TASK OBJECTIVE
Write the entries out again in full and unchanged, dropping every image.
Segment Start: RECORDS FOR THIS TASK
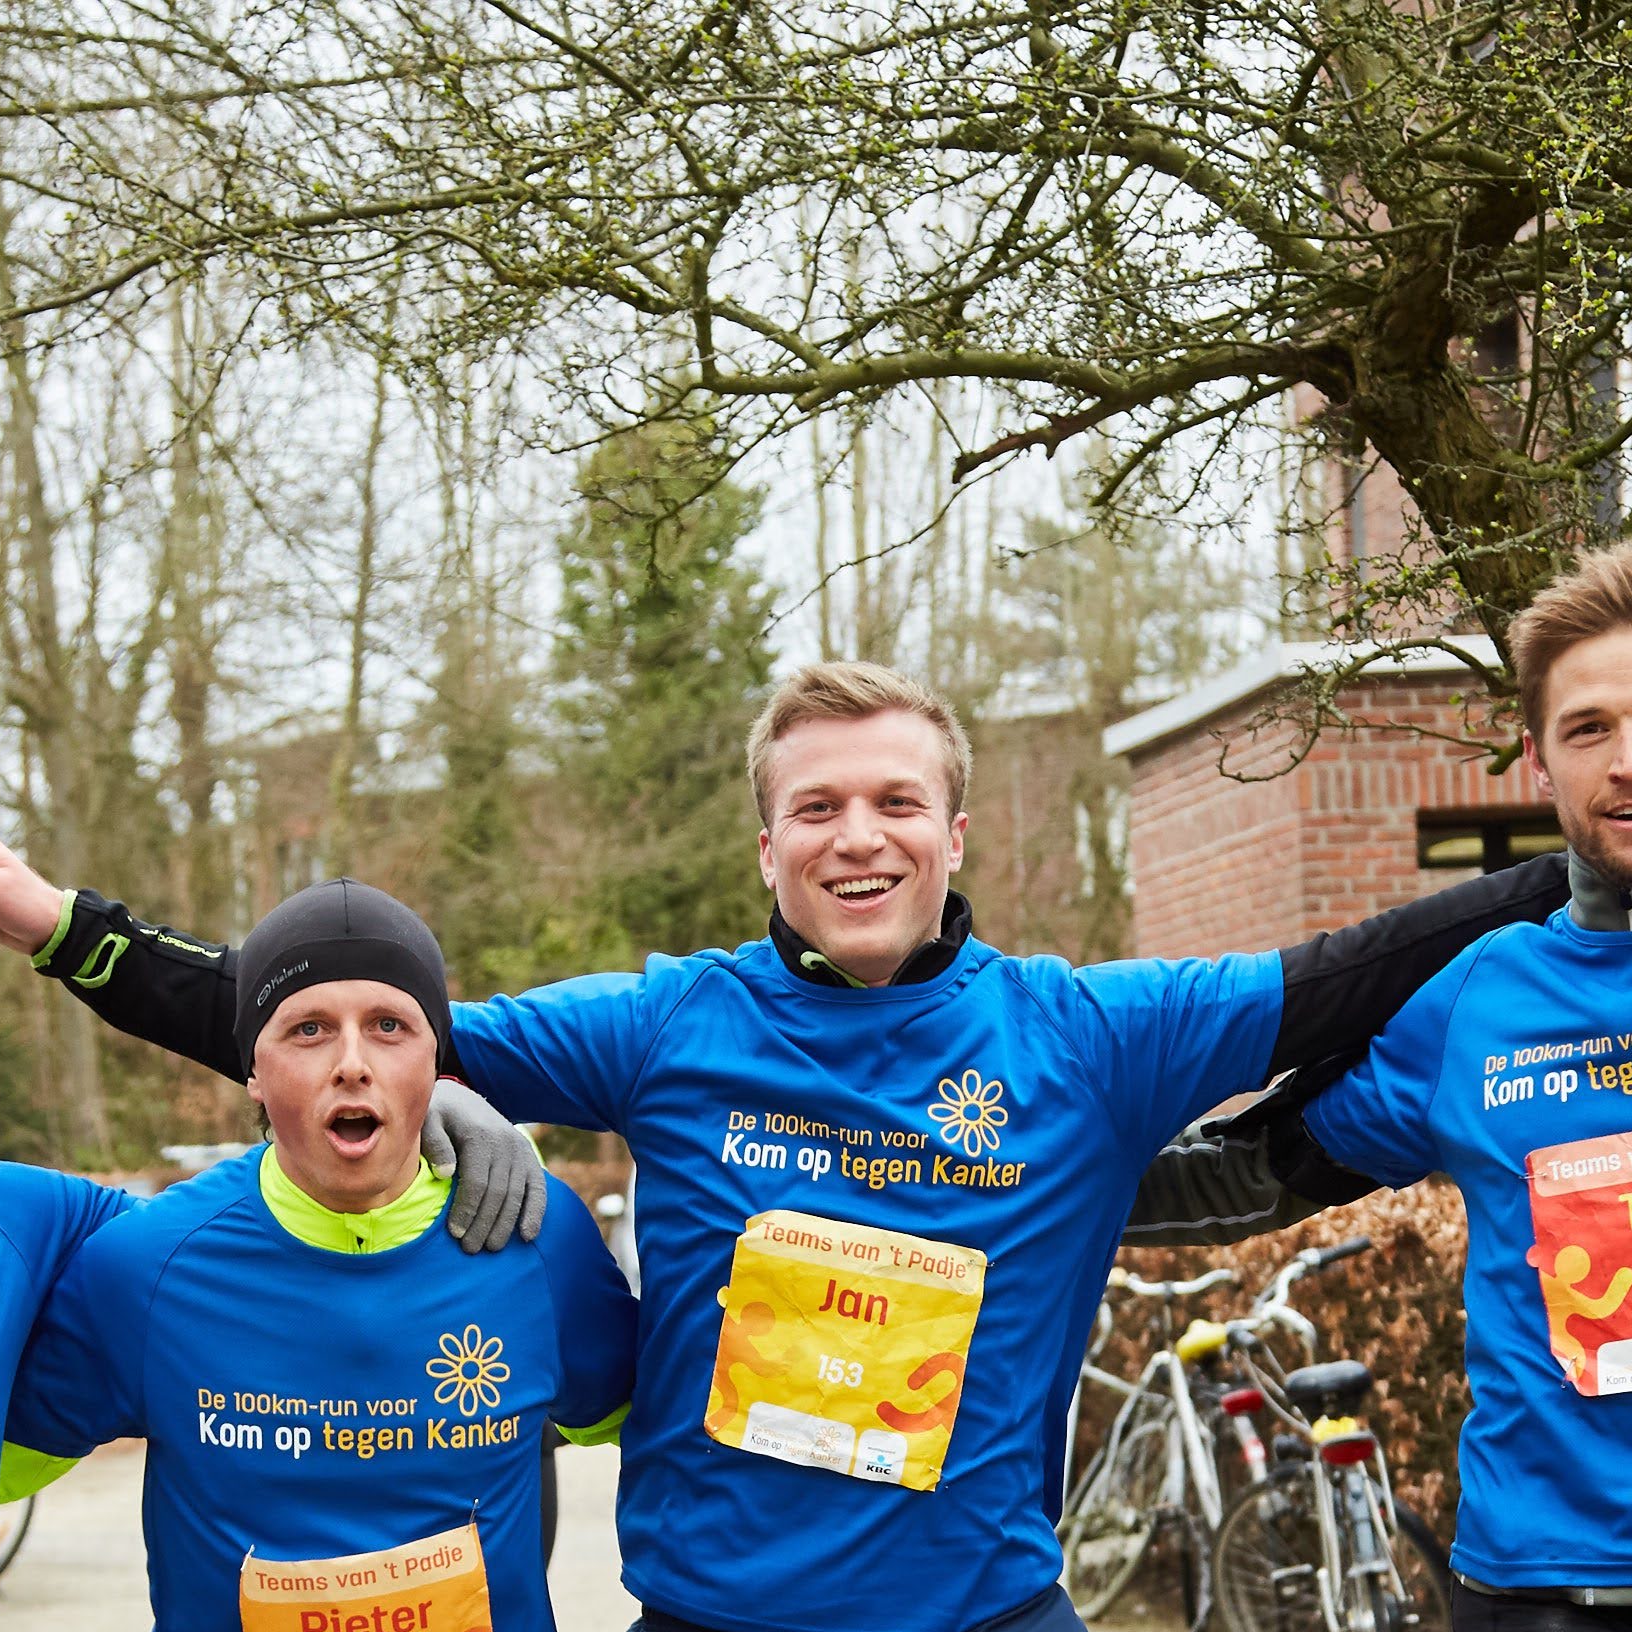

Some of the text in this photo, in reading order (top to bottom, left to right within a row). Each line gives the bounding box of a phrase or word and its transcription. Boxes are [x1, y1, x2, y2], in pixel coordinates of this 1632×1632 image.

[1484, 1053, 1507, 1076] De
[1512, 1036, 1613, 1069] 100km-run
[1483, 1073, 1535, 1111] Kom
[1543, 1068, 1579, 1103] op
[728, 1111, 930, 1150] De 100km-run voor
[721, 1132, 1027, 1191] Kom op tegen Kanker
[1547, 1153, 1622, 1182] Teams
[762, 1220, 834, 1252] Teams
[840, 1238, 881, 1262] van
[907, 1250, 968, 1281] Padje
[818, 1279, 889, 1326] Jan
[817, 1354, 865, 1388] 153
[198, 1388, 418, 1417] De 100km-run voor
[199, 1412, 520, 1460] Kom op tegen Kanker
[750, 1433, 769, 1449] Kom
[866, 1463, 892, 1476] KBC
[255, 1571, 329, 1591] Teams
[336, 1568, 377, 1588] van
[405, 1545, 464, 1577] Padje
Segment End: RECORDS FOR THIS TASK
RESPONSE AREA
Some of the text in this photo, in reading order (top to bottom, left to right within a row). Each line gives the bounding box of a phrase or word and its transcription. Boxes are [x1, y1, x2, y2], in pixel coordinates of this 1632×1632 image.

[1484, 1053, 1507, 1076] De
[1512, 1036, 1613, 1069] 100km-run
[1483, 1073, 1535, 1111] Kom
[1543, 1068, 1579, 1103] op
[728, 1111, 930, 1150] De 100km-run voor
[721, 1132, 1027, 1191] Kom op tegen Kanker
[1547, 1153, 1622, 1182] Teams
[762, 1220, 834, 1252] Teams
[840, 1238, 881, 1262] van
[907, 1250, 968, 1281] Padje
[818, 1279, 889, 1326] Jan
[817, 1354, 865, 1388] 153
[198, 1388, 418, 1417] De 100km-run voor
[199, 1412, 520, 1460] Kom op tegen Kanker
[750, 1433, 769, 1449] Kom
[866, 1463, 892, 1476] KBC
[255, 1571, 329, 1591] Teams
[336, 1568, 377, 1588] van
[405, 1545, 464, 1577] Padje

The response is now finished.